Start of EXTRACTED RECORDS
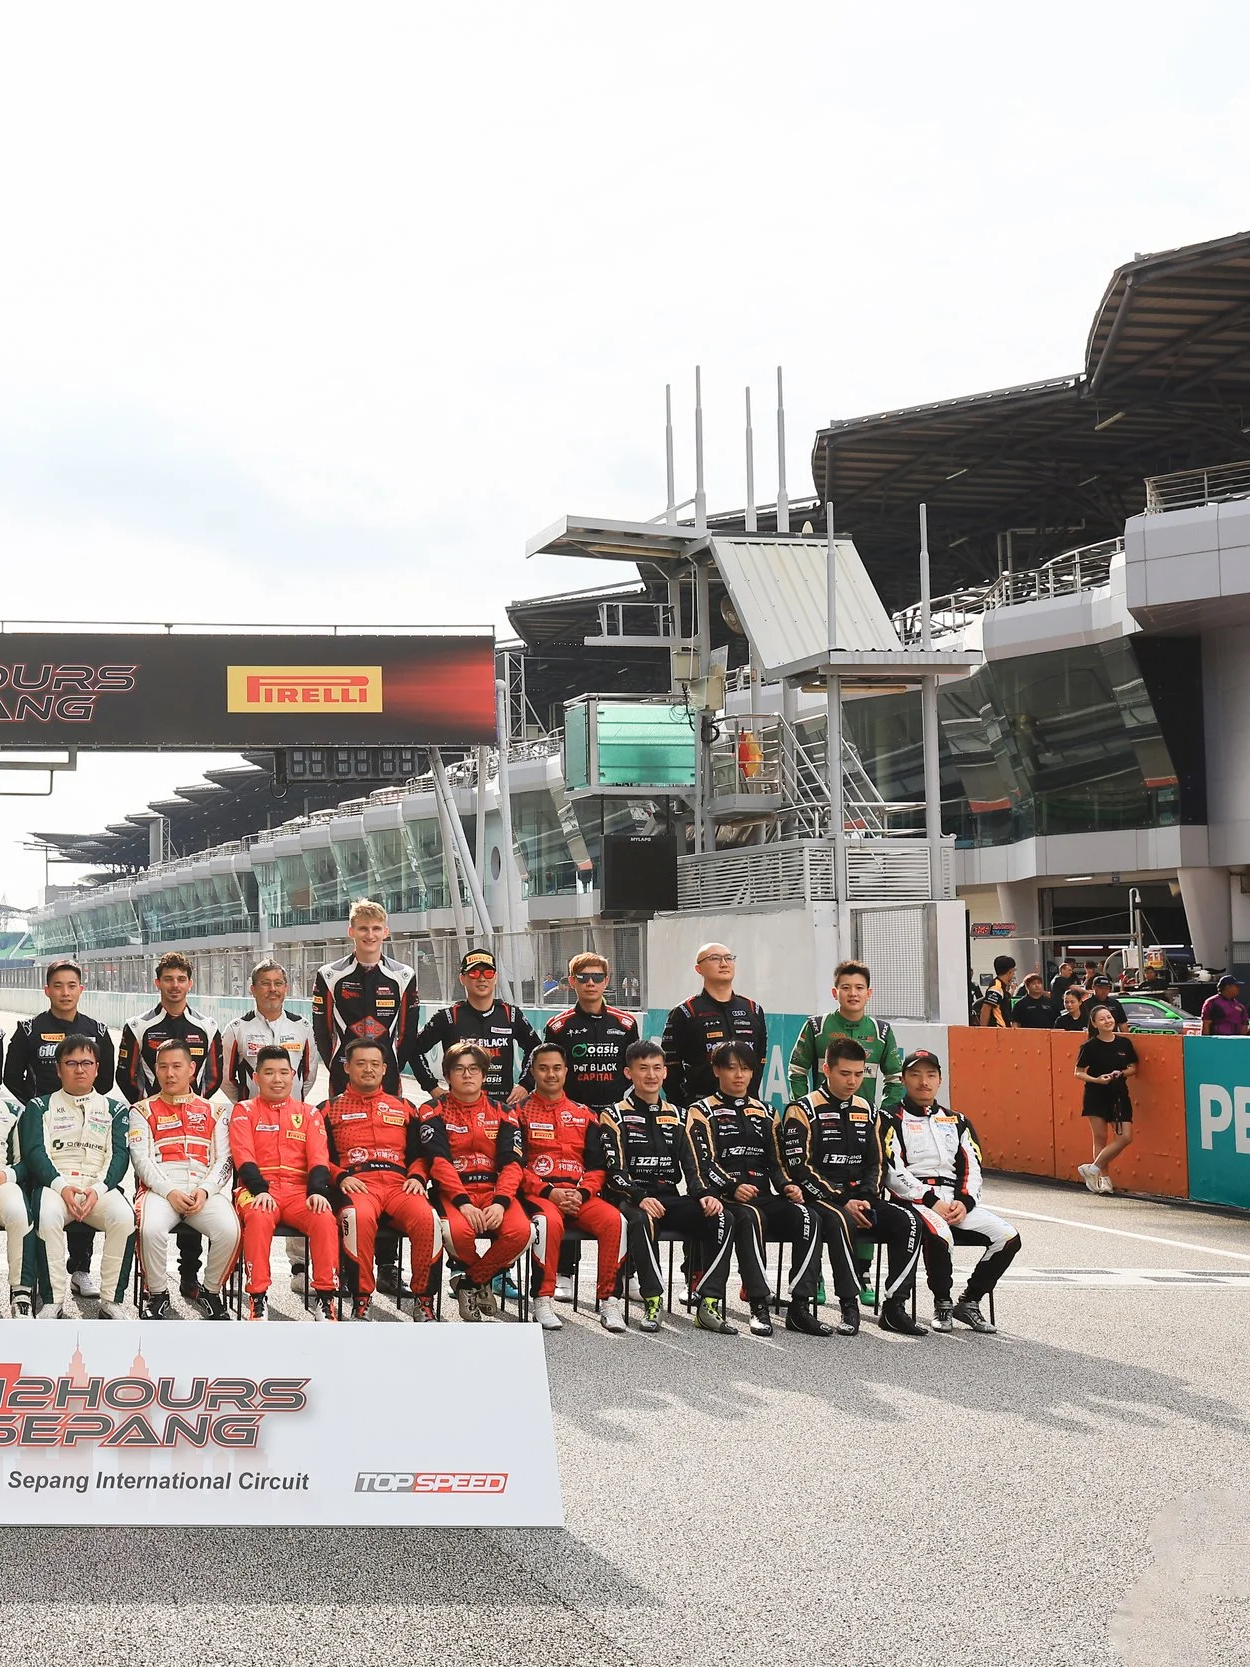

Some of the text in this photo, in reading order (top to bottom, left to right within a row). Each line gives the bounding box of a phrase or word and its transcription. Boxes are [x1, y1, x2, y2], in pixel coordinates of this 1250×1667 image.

[246, 675, 367, 704] PIRELLI
[587, 1043, 619, 1054] oasis
[590, 1063, 617, 1072] BLACK
[577, 1073, 614, 1081] CAPITAL
[8, 1472, 90, 1494] Sepang
[96, 1472, 232, 1490] International
[238, 1473, 309, 1491] Circuit
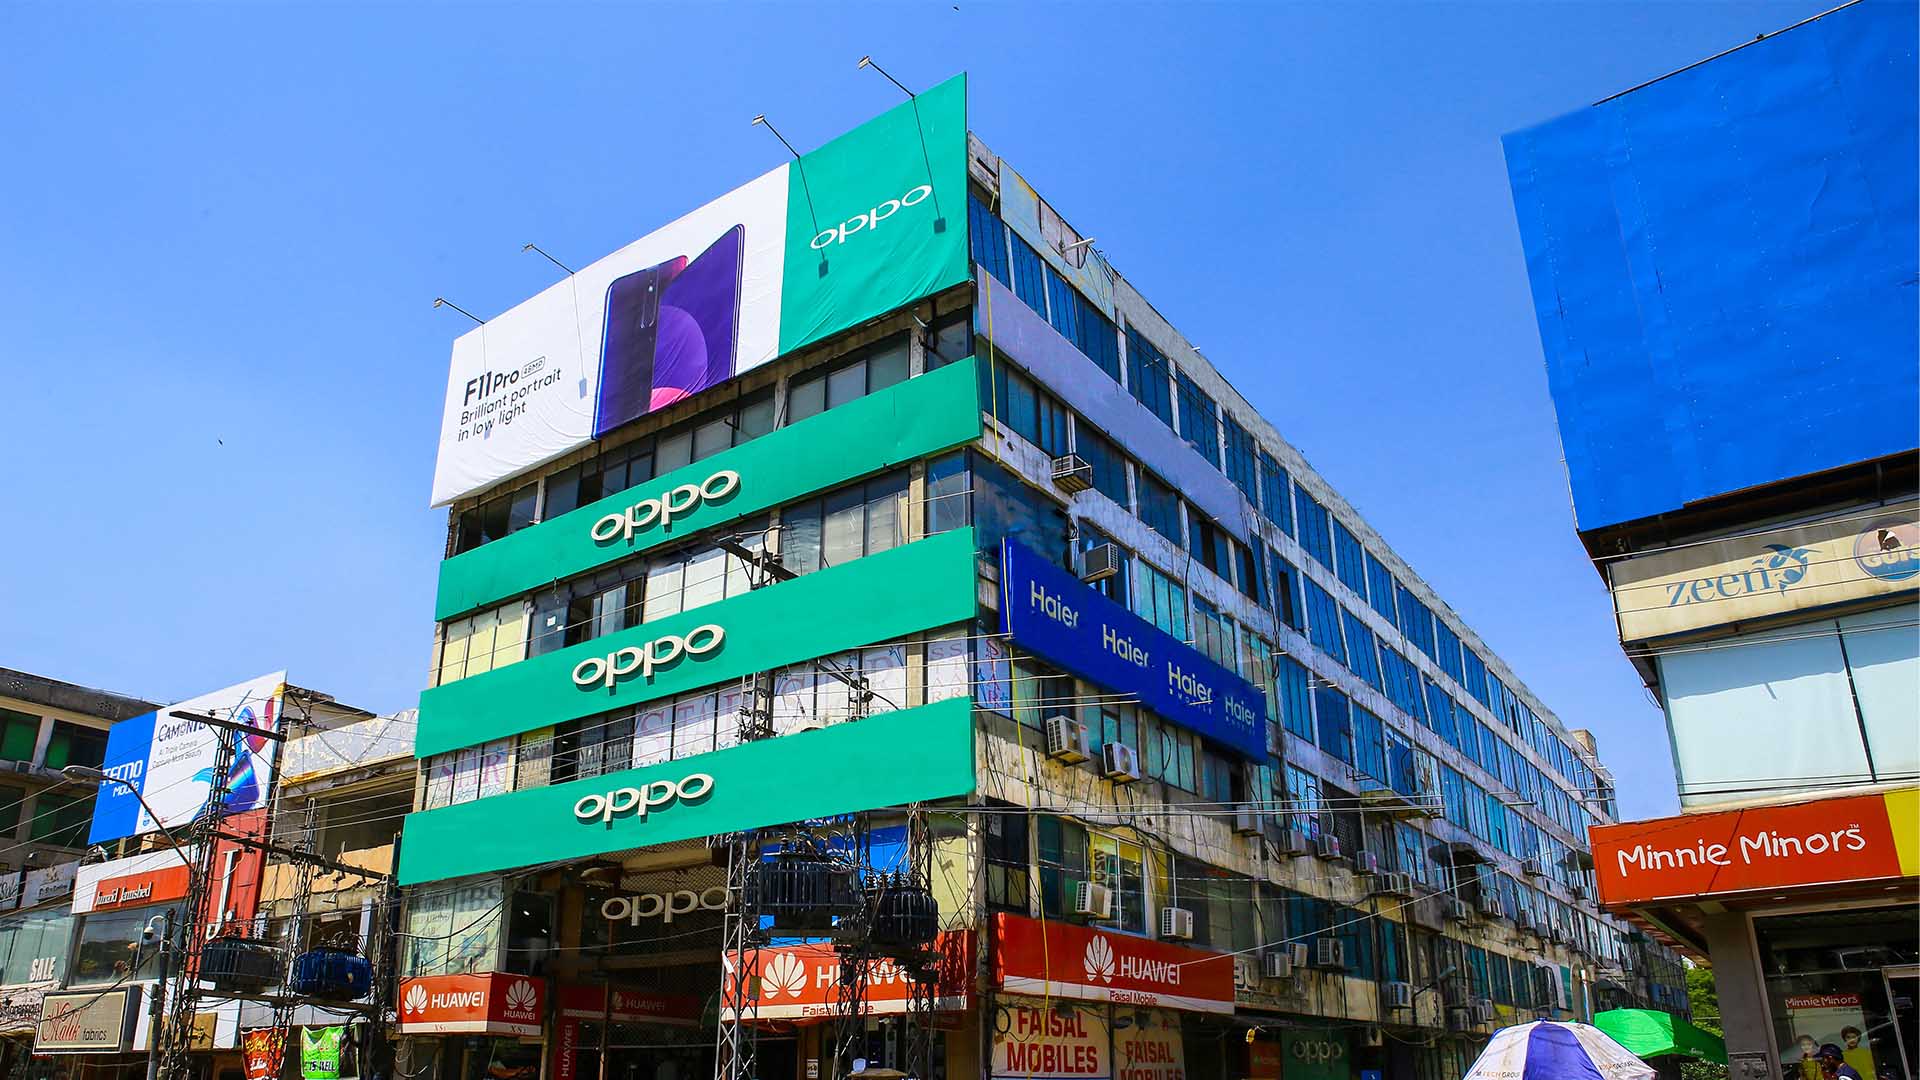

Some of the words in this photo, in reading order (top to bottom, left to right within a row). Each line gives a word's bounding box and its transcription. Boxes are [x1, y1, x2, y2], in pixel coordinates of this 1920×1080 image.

[460, 394, 507, 426] Brilliant
[510, 368, 561, 407] portrait
[458, 428, 470, 442] in
[473, 417, 496, 437] low
[498, 401, 527, 426] light
[1030, 580, 1079, 629] Haier
[1102, 624, 1149, 668] Haier
[1168, 661, 1212, 704] Haier
[1224, 696, 1256, 728] Haier
[1617, 839, 1731, 877] Minnie
[1739, 828, 1866, 865] Minors
[30, 956, 57, 981] SALE
[1120, 955, 1180, 985] HUAWEI
[431, 991, 485, 1009] HUAWEI
[626, 999, 665, 1011] HUAWEI
[802, 1004, 835, 1016] Faisal
[1109, 990, 1132, 1003] Faisal
[1134, 991, 1158, 1006] Mobile
[1785, 997, 1821, 1009] Minnie
[1821, 995, 1858, 1007] Minors
[503, 1009, 536, 1021] HUAWEI
[1017, 1007, 1088, 1039] FAISAL
[83, 1027, 107, 1041] fabrics
[562, 1024, 573, 1077] HUAWEI
[1007, 1042, 1098, 1074] MOBILES
[1125, 1040, 1175, 1064] FAISAL
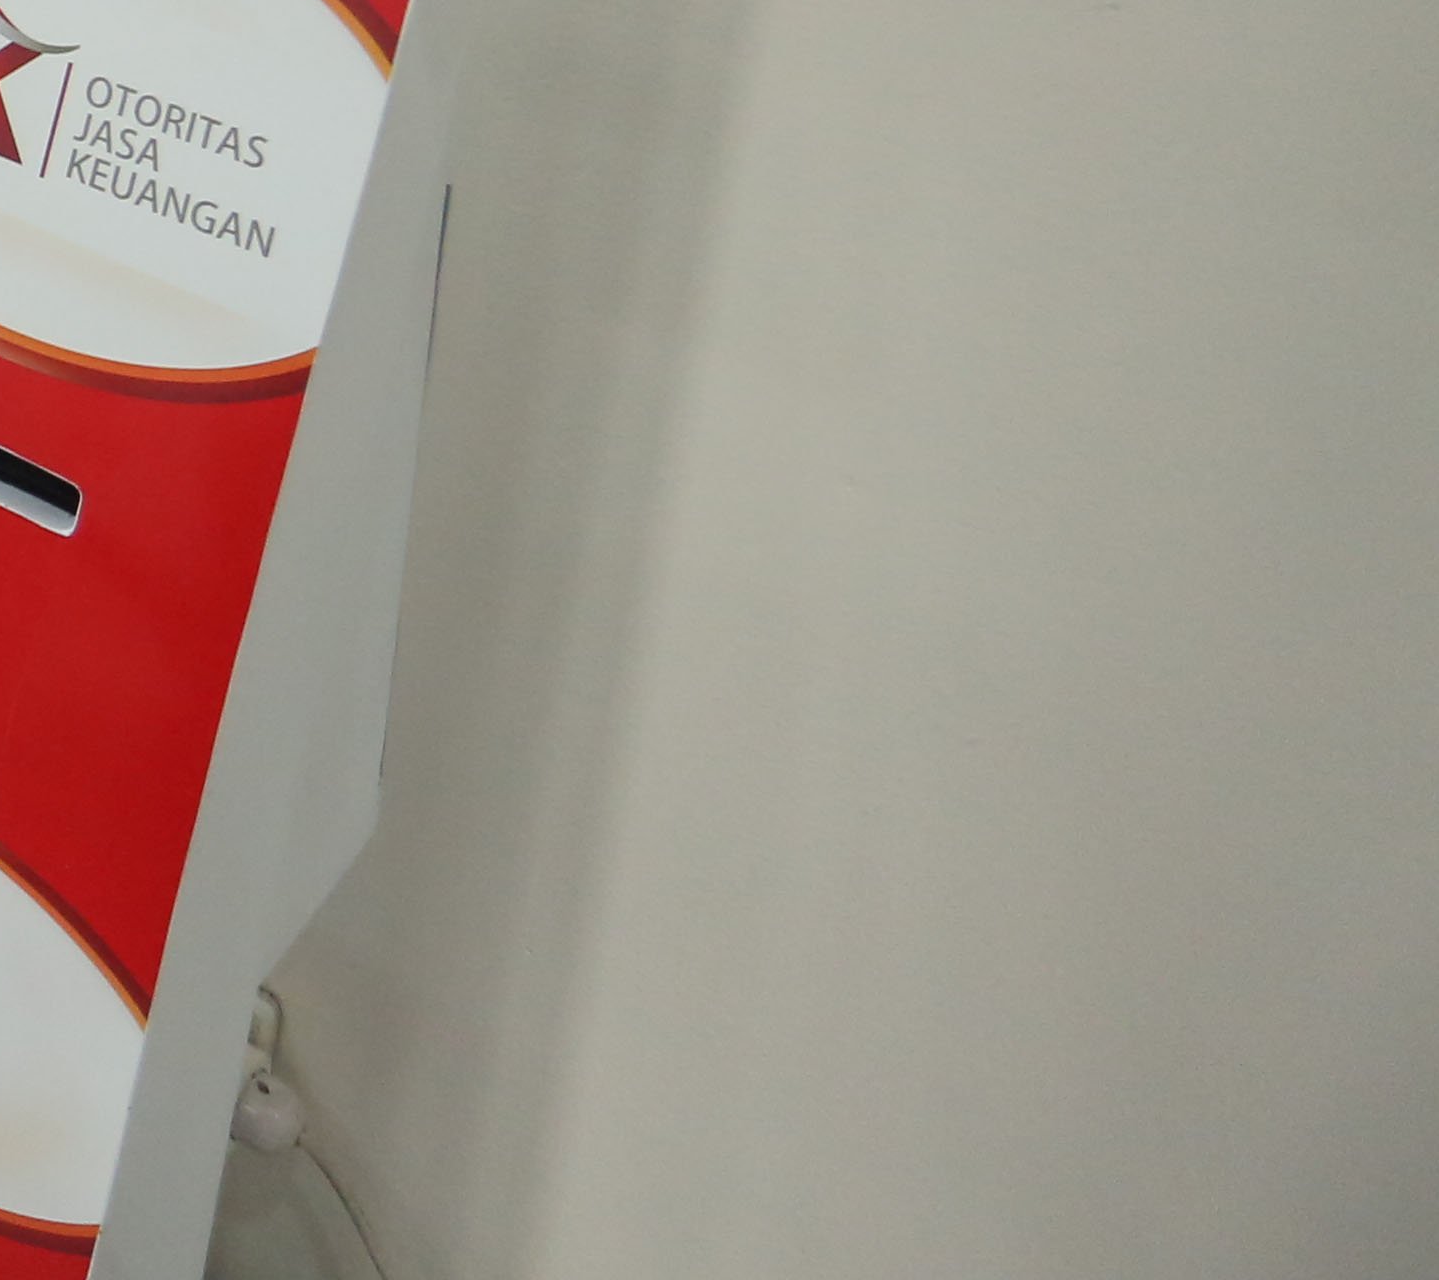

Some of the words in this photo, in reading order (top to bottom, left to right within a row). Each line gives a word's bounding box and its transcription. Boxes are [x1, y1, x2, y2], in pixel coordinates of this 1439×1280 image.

[73, 113, 160, 172] JASA
[86, 77, 269, 169] OTORITAS
[66, 148, 277, 258] KEUANGAN
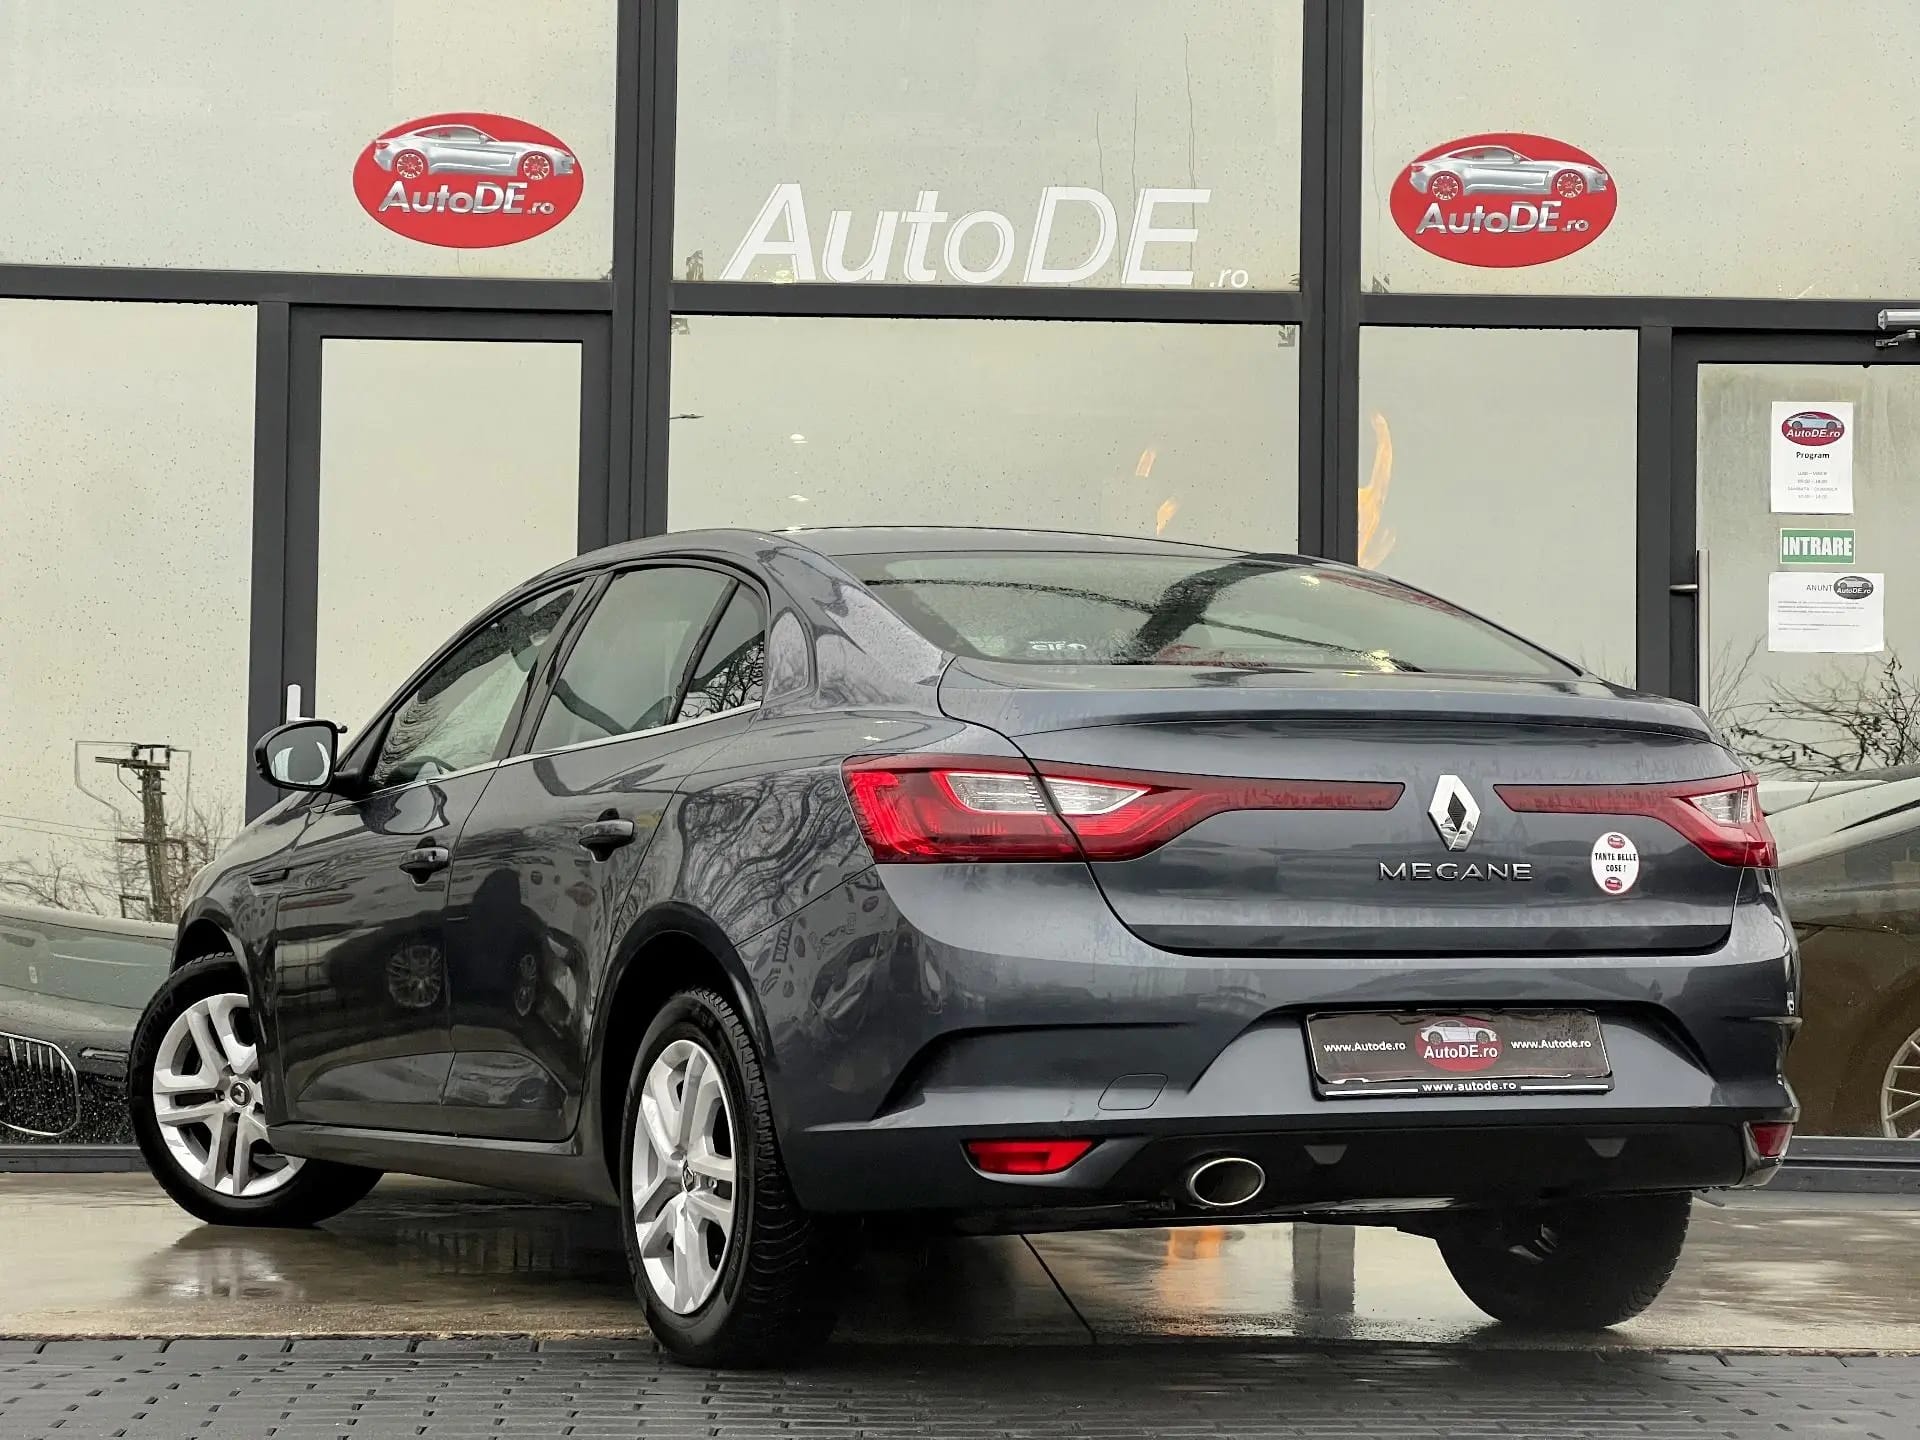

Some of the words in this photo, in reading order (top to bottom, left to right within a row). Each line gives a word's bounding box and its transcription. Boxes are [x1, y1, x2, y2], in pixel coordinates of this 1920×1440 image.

[1786, 428, 1841, 438] AutoDE.ro
[1796, 451, 1830, 460] Program
[1783, 536, 1853, 556] INTRARE
[1806, 584, 1833, 592] ANUNT
[1595, 852, 1616, 861] TANTE
[1617, 853, 1637, 862] BELLE
[1378, 862, 1534, 881] MEGANE
[1323, 1040, 1407, 1052] www.Autode.ro
[1510, 1037, 1592, 1049] www.Autode.ro
[1423, 1044, 1498, 1060] AutoDE.ro
[1421, 1079, 1517, 1093] www.autode.ro
End of EXTRACTED RECORDS
*DIRECTIONS*
Above are the records; give them all again exactly, apart from the pictures.

*RESPONSE AREA*
Some of the text in this photo, in reading order (top to bottom, left to right within a row). Each line gives the bounding box of a phrase or word and its transcription. Boxes are [x1, y1, x2, y2], in pixel coordinates of this 1250×1667 image.

[246, 675, 367, 704] PIRELLI
[587, 1043, 619, 1054] oasis
[590, 1063, 617, 1072] BLACK
[577, 1073, 614, 1081] CAPITAL
[8, 1472, 90, 1494] Sepang
[96, 1472, 232, 1490] International
[238, 1473, 309, 1491] Circuit

Some of the words in this photo, in reading order (top to bottom, left to right within a row). Each line gives a word's bounding box and its transcription. Boxes are [x1, y1, x2, y2], in pixel coordinates of this 1920×1080 image.

[460, 394, 507, 426] Brilliant
[510, 368, 561, 407] portrait
[458, 428, 470, 442] in
[473, 417, 496, 437] low
[498, 401, 527, 426] light
[1030, 580, 1079, 629] Haier
[1102, 624, 1149, 668] Haier
[1168, 661, 1212, 704] Haier
[1224, 696, 1256, 728] Haier
[1617, 839, 1731, 877] Minnie
[1739, 828, 1866, 865] Minors
[30, 956, 57, 981] SALE
[1120, 955, 1180, 985] HUAWEI
[431, 991, 485, 1009] HUAWEI
[626, 999, 665, 1011] HUAWEI
[802, 1004, 835, 1016] Faisal
[1109, 990, 1132, 1003] Faisal
[1134, 991, 1158, 1006] Mobile
[1785, 997, 1821, 1009] Minnie
[1821, 995, 1858, 1007] Minors
[503, 1009, 536, 1021] HUAWEI
[1017, 1007, 1088, 1039] FAISAL
[83, 1027, 107, 1041] fabrics
[562, 1024, 573, 1077] HUAWEI
[1007, 1042, 1098, 1074] MOBILES
[1125, 1040, 1175, 1064] FAISAL

Some of the words in this photo, in reading order (top to bottom, left to right within a row). Each line gives a word's bounding box and its transcription. Boxes are [x1, y1, x2, y2], in pixel coordinates of this 1439×1280 image.

[73, 113, 160, 172] JASA
[86, 77, 269, 169] OTORITAS
[66, 148, 277, 258] KEUANGAN

Some of the words in this photo, in reading order (top to bottom, left to right within a row). Each line gives a word's bounding box and its transcription. Boxes are [x1, y1, x2, y2], in pixel coordinates of this 1920×1440 image.

[1786, 428, 1841, 438] AutoDE.ro
[1796, 451, 1830, 460] Program
[1783, 536, 1853, 556] INTRARE
[1806, 584, 1833, 592] ANUNT
[1595, 852, 1616, 861] TANTE
[1617, 853, 1637, 862] BELLE
[1378, 862, 1534, 881] MEGANE
[1323, 1040, 1407, 1052] www.Autode.ro
[1510, 1037, 1592, 1049] www.Autode.ro
[1423, 1044, 1498, 1060] AutoDE.ro
[1421, 1079, 1517, 1093] www.autode.ro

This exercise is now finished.